Patrimonio milionario sequestrato ad evasore seriale vicino alle cosche
Un patrimonio finanziario di oltre un milione di euro e' stato confiscato dalla Guardia di Finanza di Bologna a un imprenditore edile di 65 anni, di origine campana e residente nel Modenese. L'uomo viene definito dagli investigatori "pericoloso come evasore seriale, per aver commesso reiterati e sistematici delitti in ambito economico-finanziario evidenziando, inoltre, la propria vicinanza a clan camorristici e a cosche della 'ndrangheta". La misura di prevenzione e' stata disposta dal Tribunale di Modena e riguarda immobili e societa' tra Mirandola, Finale Emilia e San Felice sul Panaro nel Modenese, e Crevalcore nel Bolognese.

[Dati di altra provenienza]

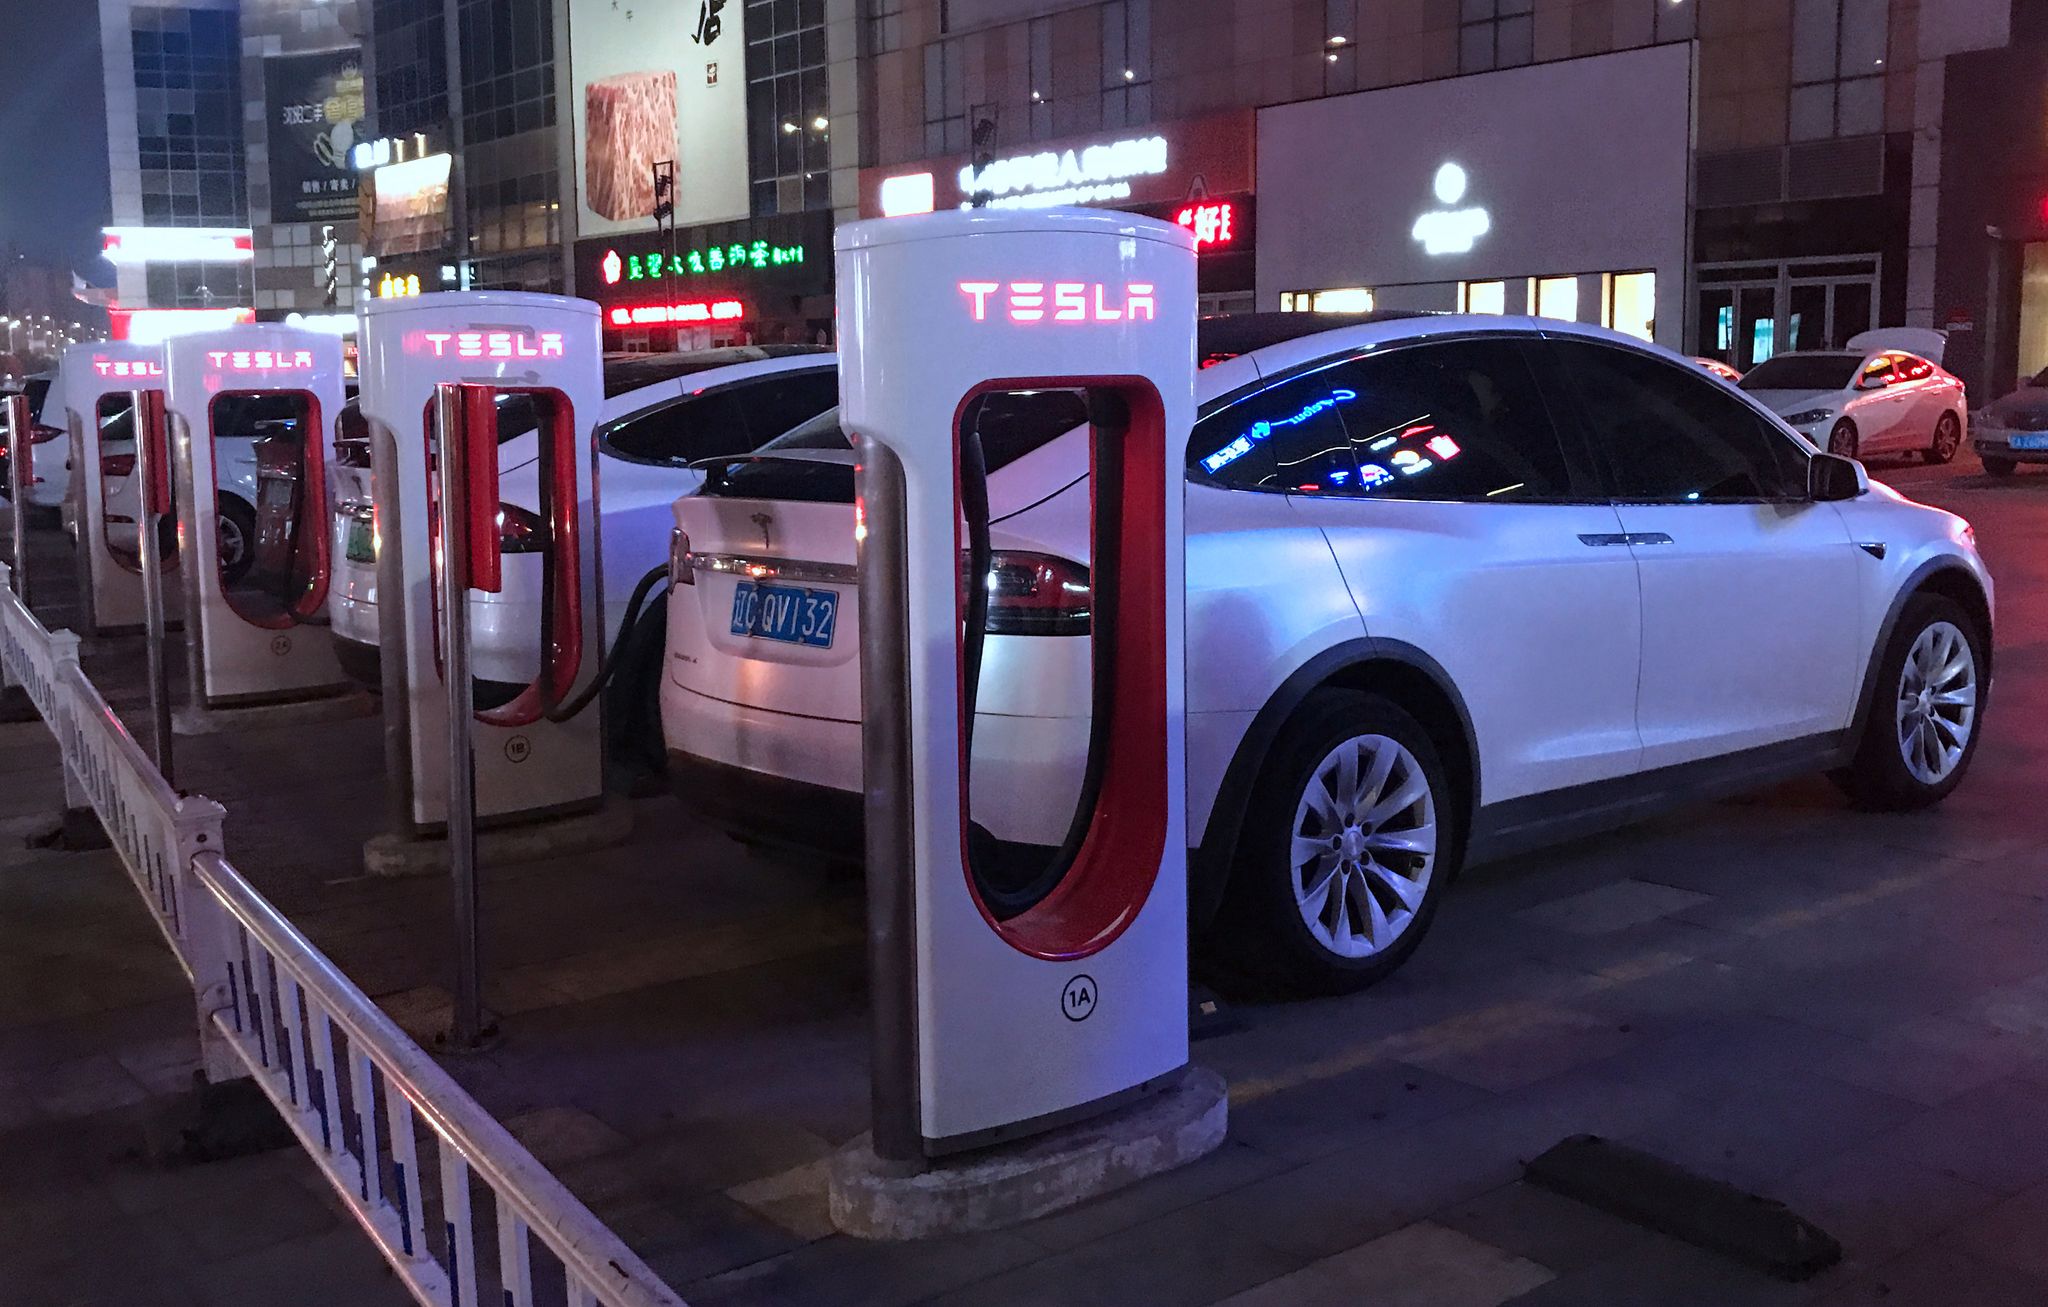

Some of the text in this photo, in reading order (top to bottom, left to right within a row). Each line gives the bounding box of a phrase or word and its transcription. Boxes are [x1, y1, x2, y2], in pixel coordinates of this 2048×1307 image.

[959, 282, 1154, 320] TESLA
[425, 333, 564, 357] TESLA
[208, 351, 313, 369] TESLA
[1069, 987, 1091, 1008] 1A
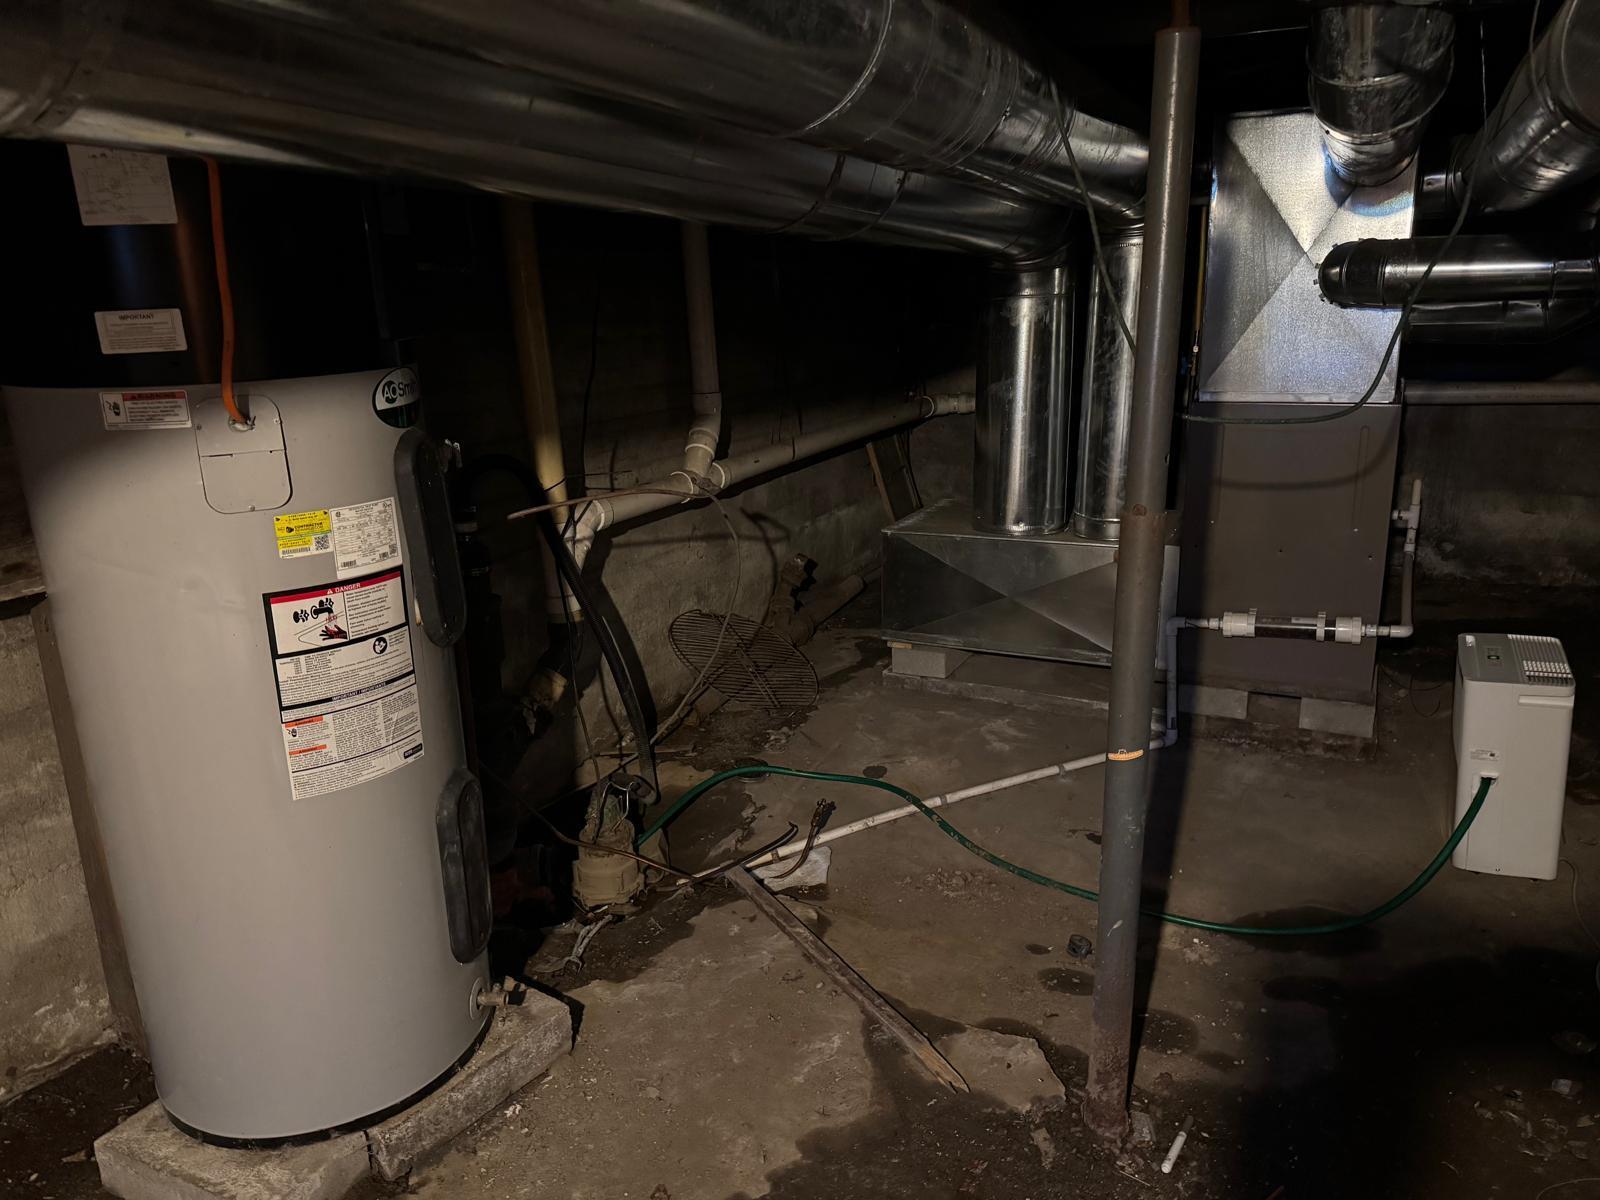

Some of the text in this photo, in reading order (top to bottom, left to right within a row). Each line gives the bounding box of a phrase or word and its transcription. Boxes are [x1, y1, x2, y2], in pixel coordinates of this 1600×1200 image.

[118, 313, 154, 321] IMPORTANT
[335, 582, 361, 593] DANGER
[332, 691, 357, 701] IMPORTANT
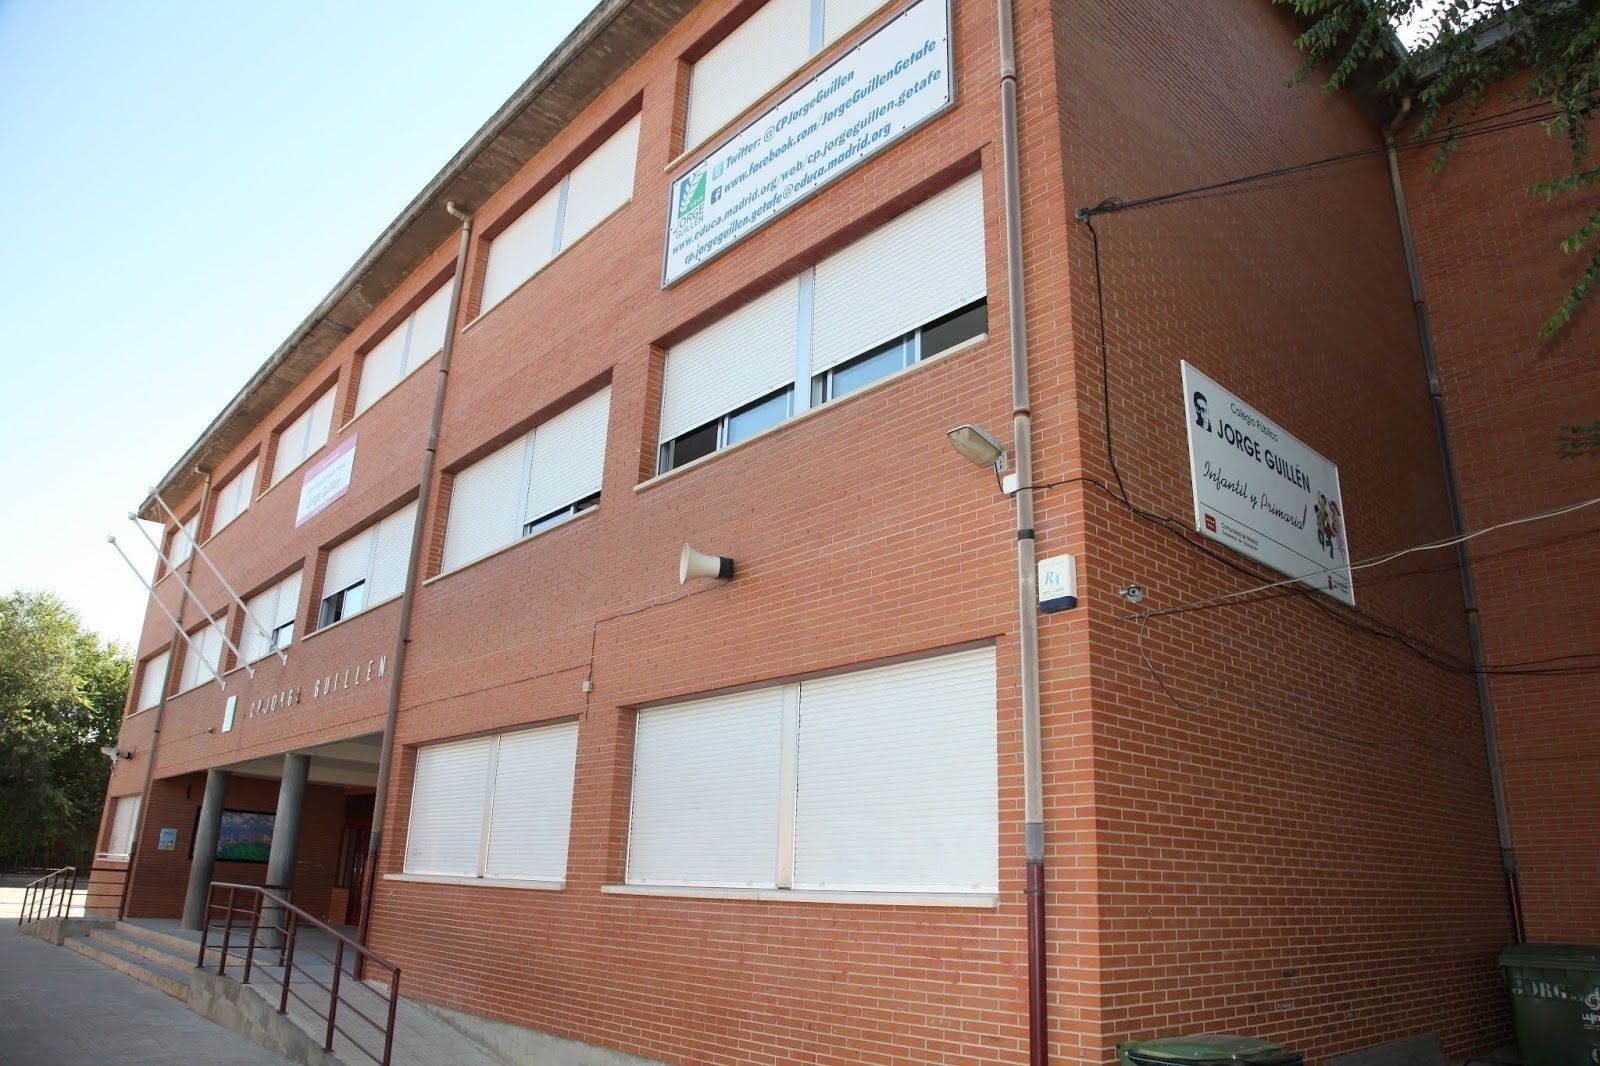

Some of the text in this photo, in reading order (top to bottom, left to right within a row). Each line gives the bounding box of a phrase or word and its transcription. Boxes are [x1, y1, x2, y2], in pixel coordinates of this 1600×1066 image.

[724, 40, 936, 193] www.facebook.com/JorgeGuillenGetafe
[726, 70, 854, 168] Twitter: @CPJorgeGuillen
[685, 123, 891, 264] cp.jorgeguillen.getafe@educa.madrid.org
[1230, 402, 1255, 426] Colegio
[1203, 460, 1247, 498] Infantil
[1250, 493, 1258, 509] y
[1217, 419, 1310, 493] JORGE GUILLÉN
[314, 655, 386, 698] GUILLEN
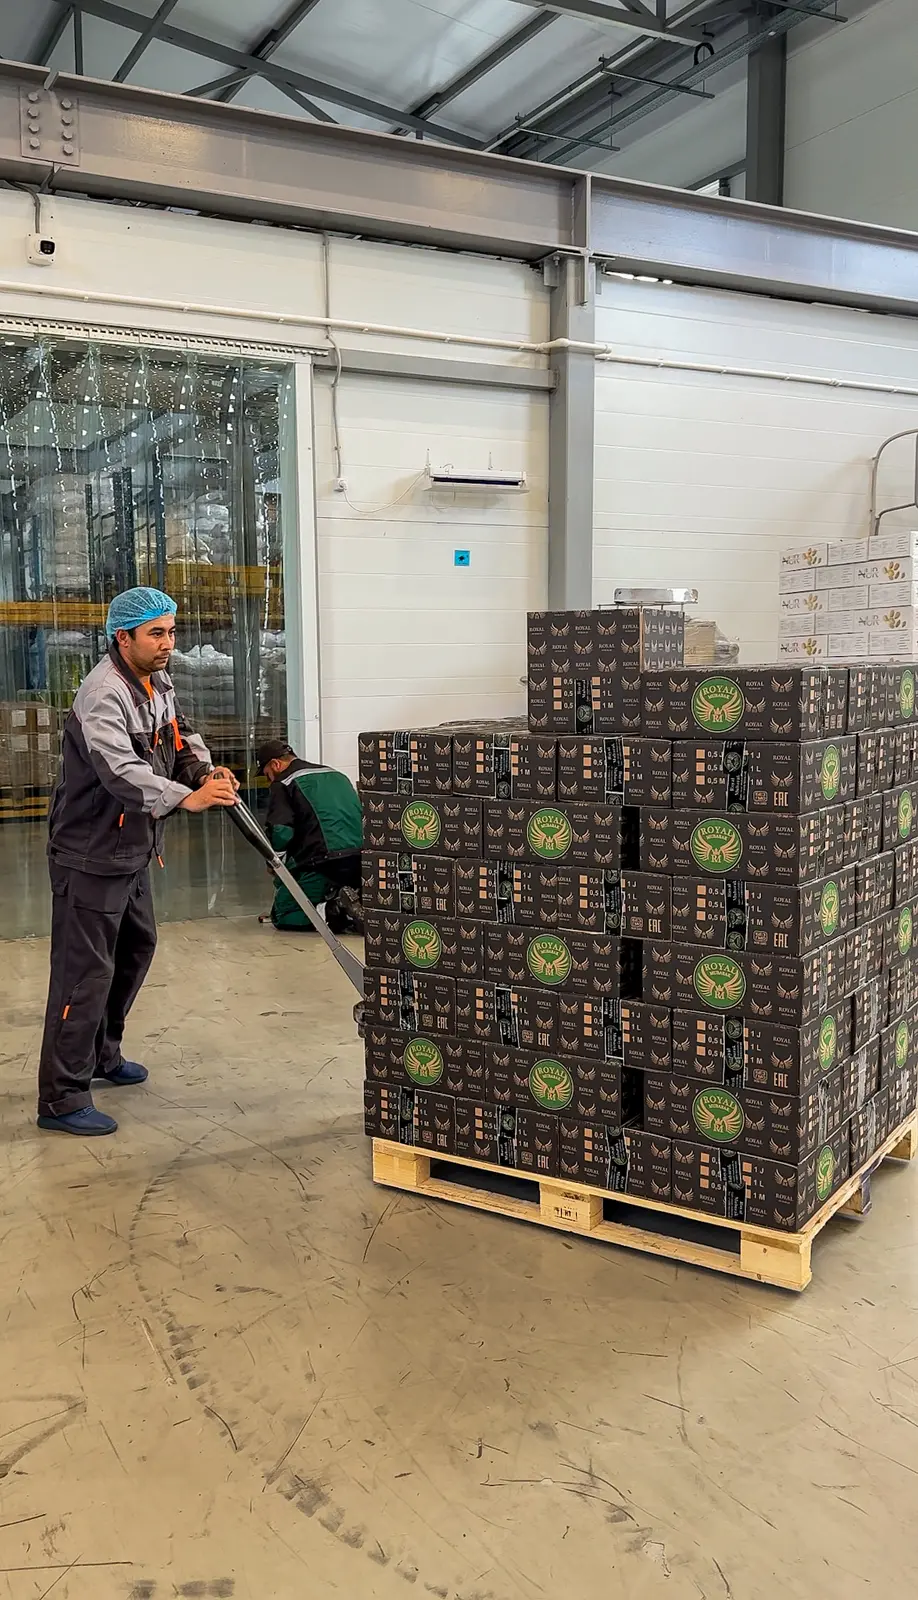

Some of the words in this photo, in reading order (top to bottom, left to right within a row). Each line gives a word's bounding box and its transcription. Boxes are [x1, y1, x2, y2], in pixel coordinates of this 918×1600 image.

[703, 685, 736, 695] ROYAL
[774, 792, 788, 806] EAC
[409, 808, 433, 816] ROYAL
[536, 816, 564, 825] ROYAL
[701, 826, 732, 836] ROYAL
[648, 919, 662, 933] EAC
[410, 927, 434, 936] ROYAL
[774, 933, 788, 948] EAC
[535, 941, 564, 952] ROYAL
[704, 962, 736, 974] ROYAL
[538, 1032, 550, 1047] EAC
[411, 1045, 437, 1055] ROYAL
[538, 1067, 566, 1079] ROYAL
[774, 1072, 789, 1088] EAC
[703, 1096, 736, 1108] ROYAL
[709, 1103, 730, 1111] MUBARAK
[772, 1122, 790, 1130] ROYAL
[537, 1155, 549, 1169] EAC
[700, 1194, 716, 1202] ROYAL
[750, 1206, 767, 1214] ROYAL

Nel dettaglio si tratta di 11 immobili, tre partecipazioni societarie e vari rapporti bancari. La confisca costituisce l'epilogo di complesse indagini svolte dalle Fiamme Gialle ai sensi del cosiddetto 'codice antimafia', che avevano gia' portato nel 2017 al sequestro degli stessi beni, il cui valore era risultato sproporzionato rispetto ai redditi dichiarati dall'uomo e dal suo nucleo familiare. Ora questi patrimoni potranno essere gestiti dall'Agenzia Nazionale per i beni Sequestrati e Confiscati, che ne curera' la destinazione e il riutilizzo a fini sociali.